Naturally, Heidi and I asked to see the girls’ school as well. We found a one-room, dilapidated building with no heat – just a few desks and apparently no teacher. Though unsurprising, the sight was still shocking/unsettling. There were piles of human excrement in the backyard and a broken down wall. The girls’ school, as often happens in third world countries, had been severely neglected for years. It was there, in that school building, that “Girls Ed” was born.
We founded the organization initially hoping to provide educational opportunities to the underserved girls in the remote region of the Karakoram, specifically Baltistan and Khane, where we had met so many generous, kind Pakistanis. Unfortunately, despite working with the village for two years, we were unable to establish a strong partnership with any in-country organizations, an absolute necessity when running a nonprofit in South-East Asia. However, we eventually partnered with Bedari, a long-standing, well-respected, Pakistani-run organization that empowers women of all ages. With the help of Bedari’s local expertise, we launched a program in the remote, mountainous Punjab Region of the country.
Once we got our program in Pakistan off the ground, we further pursued our passion for girls’ education by launching successful programs in Tanzania and Liberia. As a result of our efforts, we’ve helped 135 girls in Pakistan, 35 in Tanzania and more than 200 in Liberia. That’s 370 girls in a decade. 370 girls that now have educational opportunities that were previously unattainable.
I am passionate about empowering women and excited about the many successes the organization has had over the last ten years. Throughout the course of the next decade, I want to help ten times as many girls. This ambitious goal, however, will not be possible without support. Will you help me raise funds so that we can continue to expand and support educational opportunities for underserved girls and women in some of the most remote and undeveloped regions of the world?
The benefits of educating girls in these countries are endless. Here are a few facts taken from GlobalPartnership.org, a likeminded non-profit that operates in over sixty countries across the world:
- According to the World Bank, the return on one year of secondary education for a girl correlates with as high as a 25% increase in wages later in life. The effects carry from one generation to the next; educated girls have fewer, healthier and better-educated children.

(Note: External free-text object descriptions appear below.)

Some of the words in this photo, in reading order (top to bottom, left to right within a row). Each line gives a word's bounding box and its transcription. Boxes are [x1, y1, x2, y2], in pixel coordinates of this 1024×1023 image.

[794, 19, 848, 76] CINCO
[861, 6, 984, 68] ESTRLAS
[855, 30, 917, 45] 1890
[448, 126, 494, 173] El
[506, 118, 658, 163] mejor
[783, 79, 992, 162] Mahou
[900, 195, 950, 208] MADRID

- In Pakistan, working women with high levels of literacy skills earned 95% more than women with weak or no literacy skills, whereas the differential was only 33% among men. Educated women are more empowered to take on stronger economic roles in their families and communities, and they tend to reinvest 90% of what they earn into their families, leading to better health and education outcomes for the next generation.

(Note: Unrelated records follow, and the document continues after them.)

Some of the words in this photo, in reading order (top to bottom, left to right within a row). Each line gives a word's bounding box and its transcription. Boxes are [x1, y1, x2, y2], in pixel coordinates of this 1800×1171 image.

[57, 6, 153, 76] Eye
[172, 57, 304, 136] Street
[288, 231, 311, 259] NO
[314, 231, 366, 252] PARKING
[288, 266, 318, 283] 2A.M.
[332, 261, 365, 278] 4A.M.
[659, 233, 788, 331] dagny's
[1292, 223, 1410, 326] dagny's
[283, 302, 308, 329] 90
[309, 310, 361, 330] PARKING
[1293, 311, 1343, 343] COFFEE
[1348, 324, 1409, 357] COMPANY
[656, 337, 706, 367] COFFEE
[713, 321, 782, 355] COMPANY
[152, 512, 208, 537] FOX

- Investing in girls’ education also helps delay early marriage and parenthood. In fact, if all girls had secondary education in sub-Saharan Africa and South and West Asia, child marriage would fall by 64%, from almost 2.9 million to just over 1 million.

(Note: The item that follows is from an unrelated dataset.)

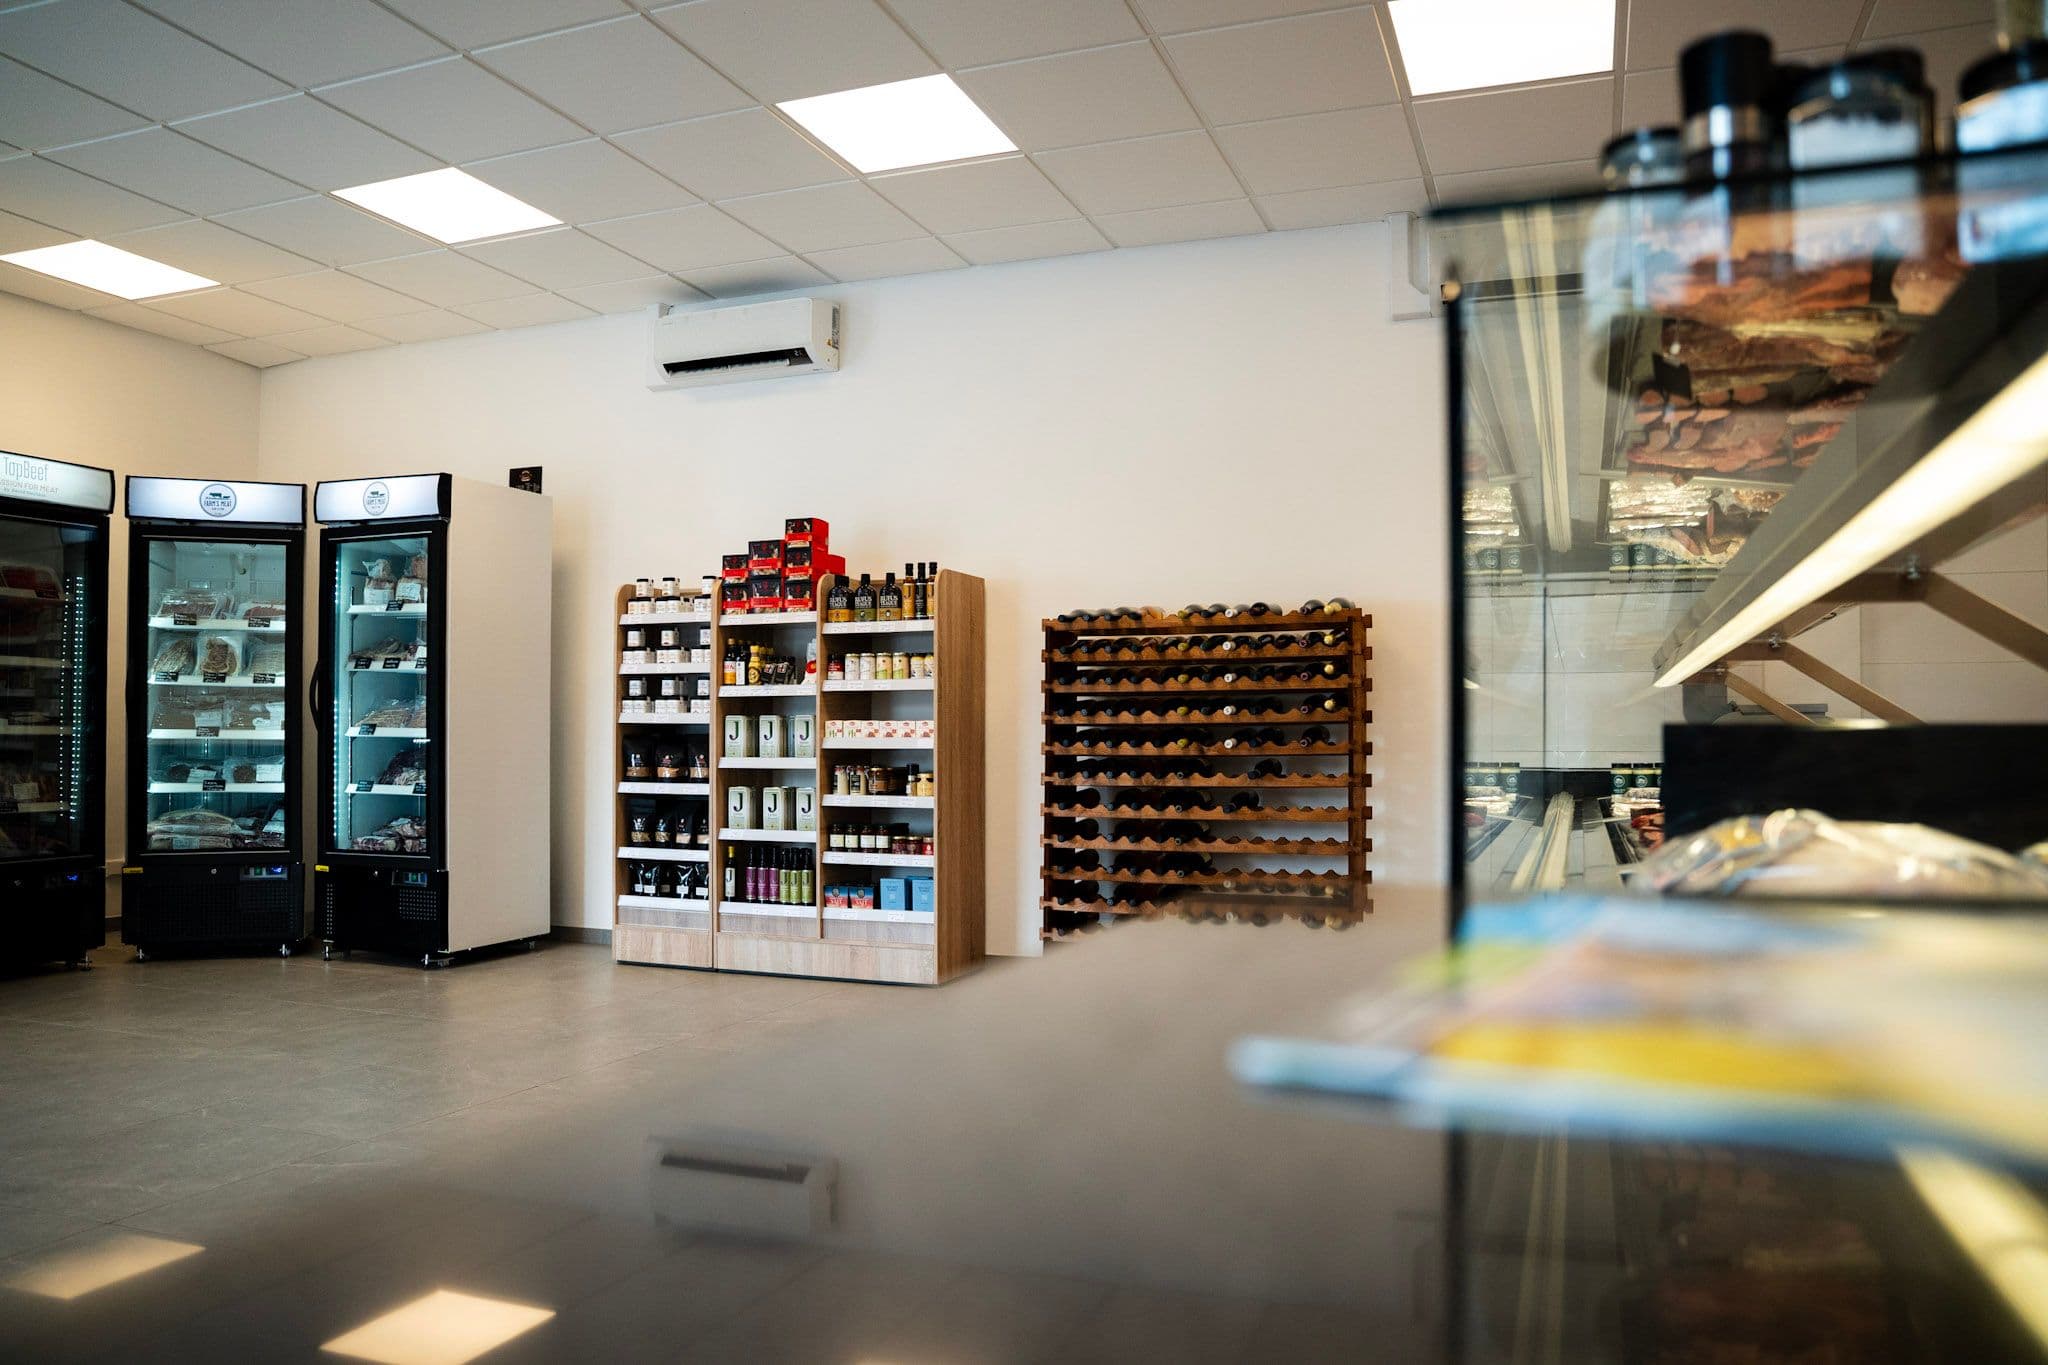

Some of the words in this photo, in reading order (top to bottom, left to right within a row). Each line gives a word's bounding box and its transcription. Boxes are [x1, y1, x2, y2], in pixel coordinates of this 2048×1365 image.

- At the wider societal level, more educated girls lead to an increase in female leaders, lower levels of population growth and the subsequent reduction of pressures related to climate change.
- The power of girls’ education on national economic growth is undeniable: a one percent increase in female education raises the average gross domestic product (GDP) by 0.3 percent and raises annual GDP growth rates by 0.2 percent.